Problem to work on
A faithful, complete transcription of the listing is required.

--

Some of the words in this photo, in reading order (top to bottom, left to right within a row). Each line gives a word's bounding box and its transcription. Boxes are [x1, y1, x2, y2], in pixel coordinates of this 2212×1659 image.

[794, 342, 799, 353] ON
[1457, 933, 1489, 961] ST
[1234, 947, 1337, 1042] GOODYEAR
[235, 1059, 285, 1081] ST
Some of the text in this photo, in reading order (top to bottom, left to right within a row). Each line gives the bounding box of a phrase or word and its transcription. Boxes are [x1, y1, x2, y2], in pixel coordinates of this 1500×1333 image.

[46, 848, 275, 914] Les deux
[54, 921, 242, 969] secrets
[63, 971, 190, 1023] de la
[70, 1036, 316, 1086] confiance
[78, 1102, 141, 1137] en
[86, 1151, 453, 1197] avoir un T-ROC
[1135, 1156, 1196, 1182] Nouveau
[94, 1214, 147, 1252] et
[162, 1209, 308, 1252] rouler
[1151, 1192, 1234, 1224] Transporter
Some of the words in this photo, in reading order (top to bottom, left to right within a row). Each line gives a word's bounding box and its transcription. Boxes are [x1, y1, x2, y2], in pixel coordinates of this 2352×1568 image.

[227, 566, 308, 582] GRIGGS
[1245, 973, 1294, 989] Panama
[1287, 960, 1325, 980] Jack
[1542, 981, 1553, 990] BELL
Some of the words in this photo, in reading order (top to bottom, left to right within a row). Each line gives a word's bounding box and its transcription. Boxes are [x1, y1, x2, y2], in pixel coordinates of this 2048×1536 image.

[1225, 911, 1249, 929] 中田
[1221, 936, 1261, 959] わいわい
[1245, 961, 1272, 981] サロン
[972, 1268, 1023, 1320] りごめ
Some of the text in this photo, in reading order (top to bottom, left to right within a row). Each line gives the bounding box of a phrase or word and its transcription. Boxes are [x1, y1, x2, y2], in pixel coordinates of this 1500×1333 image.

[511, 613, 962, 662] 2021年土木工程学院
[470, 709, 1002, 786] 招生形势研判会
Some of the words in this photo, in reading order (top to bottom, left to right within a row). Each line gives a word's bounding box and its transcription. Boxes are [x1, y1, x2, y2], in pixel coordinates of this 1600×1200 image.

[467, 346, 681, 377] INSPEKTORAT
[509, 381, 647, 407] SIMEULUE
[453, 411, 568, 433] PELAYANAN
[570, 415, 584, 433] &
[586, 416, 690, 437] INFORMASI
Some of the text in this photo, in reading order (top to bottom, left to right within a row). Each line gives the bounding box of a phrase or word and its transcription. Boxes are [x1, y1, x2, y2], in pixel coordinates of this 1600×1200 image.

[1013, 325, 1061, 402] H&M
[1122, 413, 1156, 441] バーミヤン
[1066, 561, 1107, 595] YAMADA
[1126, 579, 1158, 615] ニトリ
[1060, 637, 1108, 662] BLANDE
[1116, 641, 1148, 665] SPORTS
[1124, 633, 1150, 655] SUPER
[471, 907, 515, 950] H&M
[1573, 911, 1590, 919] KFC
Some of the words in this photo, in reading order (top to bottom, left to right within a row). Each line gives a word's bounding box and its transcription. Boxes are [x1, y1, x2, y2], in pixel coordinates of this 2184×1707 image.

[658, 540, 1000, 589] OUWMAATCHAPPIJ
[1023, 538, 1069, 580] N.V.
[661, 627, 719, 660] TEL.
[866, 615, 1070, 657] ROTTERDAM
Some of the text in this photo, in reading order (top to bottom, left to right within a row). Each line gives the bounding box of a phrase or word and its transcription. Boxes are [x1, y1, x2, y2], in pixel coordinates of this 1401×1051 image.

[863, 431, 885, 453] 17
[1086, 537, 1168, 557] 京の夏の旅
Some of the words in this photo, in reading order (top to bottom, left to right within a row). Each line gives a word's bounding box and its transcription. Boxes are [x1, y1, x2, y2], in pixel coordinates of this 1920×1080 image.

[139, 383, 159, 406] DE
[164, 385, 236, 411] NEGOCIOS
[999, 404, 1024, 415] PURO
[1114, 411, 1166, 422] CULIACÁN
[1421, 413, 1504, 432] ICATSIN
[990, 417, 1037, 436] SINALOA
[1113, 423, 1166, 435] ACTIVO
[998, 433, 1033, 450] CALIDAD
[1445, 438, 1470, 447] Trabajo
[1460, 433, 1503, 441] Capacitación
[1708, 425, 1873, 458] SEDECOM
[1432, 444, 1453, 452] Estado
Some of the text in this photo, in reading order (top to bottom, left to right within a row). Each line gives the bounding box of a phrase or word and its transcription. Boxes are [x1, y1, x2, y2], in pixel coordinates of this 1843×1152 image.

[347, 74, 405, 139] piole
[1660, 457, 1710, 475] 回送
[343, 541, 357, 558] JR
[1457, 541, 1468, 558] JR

--

Written response
Some of the words in this photo, in reading order (top to bottom, left to right within a row). Each line gives a word's bounding box and its transcription. Boxes are [x1, y1, x2, y2], in pixel coordinates of this 2212×1659 image.

[794, 342, 799, 353] ON
[1457, 933, 1489, 961] ST
[1234, 947, 1337, 1042] GOODYEAR
[235, 1059, 285, 1081] ST
Some of the text in this photo, in reading order (top to bottom, left to right within a row). Each line gives the bounding box of a phrase or word and its transcription. Boxes are [x1, y1, x2, y2], in pixel coordinates of this 1500×1333 image.

[46, 848, 275, 914] Les deux
[54, 921, 242, 969] secrets
[63, 971, 190, 1023] de la
[70, 1036, 316, 1086] confiance
[78, 1102, 141, 1137] en
[86, 1151, 453, 1197] avoir un T-ROC
[1135, 1156, 1196, 1182] Nouveau
[94, 1214, 147, 1252] et
[162, 1209, 308, 1252] rouler
[1151, 1192, 1234, 1224] Transporter
Some of the words in this photo, in reading order (top to bottom, left to right within a row). Each line gives a word's bounding box and its transcription. Boxes are [x1, y1, x2, y2], in pixel coordinates of this 2352×1568 image.

[227, 566, 308, 582] GRIGGS
[1245, 973, 1294, 989] Panama
[1287, 960, 1325, 980] Jack
[1542, 981, 1553, 990] BELL
Some of the words in this photo, in reading order (top to bottom, left to right within a row). Each line gives a word's bounding box and its transcription. Boxes are [x1, y1, x2, y2], in pixel coordinates of this 2048×1536 image.

[1225, 911, 1249, 929] 中田
[1221, 936, 1261, 959] わいわい
[1245, 961, 1272, 981] サロン
[972, 1268, 1023, 1320] りごめ
Some of the text in this photo, in reading order (top to bottom, left to right within a row). Each line gives the bounding box of a phrase or word and its transcription. Boxes are [x1, y1, x2, y2], in pixel coordinates of this 1500×1333 image.

[511, 613, 962, 662] 2021年土木工程学院
[470, 709, 1002, 786] 招生形势研判会
Some of the words in this photo, in reading order (top to bottom, left to right within a row). Each line gives a word's bounding box and its transcription. Boxes are [x1, y1, x2, y2], in pixel coordinates of this 1600×1200 image.

[467, 346, 681, 377] INSPEKTORAT
[509, 381, 647, 407] SIMEULUE
[453, 411, 568, 433] PELAYANAN
[570, 415, 584, 433] &
[586, 416, 690, 437] INFORMASI
Some of the text in this photo, in reading order (top to bottom, left to right within a row). Each line gives the bounding box of a phrase or word and its transcription. Boxes are [x1, y1, x2, y2], in pixel coordinates of this 1600×1200 image.

[1013, 325, 1061, 402] H&M
[1122, 413, 1156, 441] バーミヤン
[1066, 561, 1107, 595] YAMADA
[1126, 579, 1158, 615] ニトリ
[1060, 637, 1108, 662] BLANDE
[1116, 641, 1148, 665] SPORTS
[1124, 633, 1150, 655] SUPER
[471, 907, 515, 950] H&M
[1573, 911, 1590, 919] KFC
Some of the words in this photo, in reading order (top to bottom, left to right within a row). Each line gives a word's bounding box and its transcription. Boxes are [x1, y1, x2, y2], in pixel coordinates of this 2184×1707 image.

[658, 540, 1000, 589] OUWMAATCHAPPIJ
[1023, 538, 1069, 580] N.V.
[661, 627, 719, 660] TEL.
[866, 615, 1070, 657] ROTTERDAM
Some of the text in this photo, in reading order (top to bottom, left to right within a row). Each line gives the bounding box of a phrase or word and its transcription. Boxes are [x1, y1, x2, y2], in pixel coordinates of this 1401×1051 image.

[863, 431, 885, 453] 17
[1086, 537, 1168, 557] 京の夏の旅
Some of the words in this photo, in reading order (top to bottom, left to right within a row). Each line gives a word's bounding box and its transcription. Boxes are [x1, y1, x2, y2], in pixel coordinates of this 1920×1080 image.

[139, 383, 159, 406] DE
[164, 385, 236, 411] NEGOCIOS
[999, 404, 1024, 415] PURO
[1114, 411, 1166, 422] CULIACÁN
[1421, 413, 1504, 432] ICATSIN
[990, 417, 1037, 436] SINALOA
[1113, 423, 1166, 435] ACTIVO
[998, 433, 1033, 450] CALIDAD
[1445, 438, 1470, 447] Trabajo
[1460, 433, 1503, 441] Capacitación
[1708, 425, 1873, 458] SEDECOM
[1432, 444, 1453, 452] Estado
Some of the text in this photo, in reading order (top to bottom, left to right within a row). Each line gives the bounding box of a phrase or word and its transcription. Boxes are [x1, y1, x2, y2], in pixel coordinates of this 1843×1152 image.

[347, 74, 405, 139] piole
[1660, 457, 1710, 475] 回送
[343, 541, 357, 558] JR
[1457, 541, 1468, 558] JR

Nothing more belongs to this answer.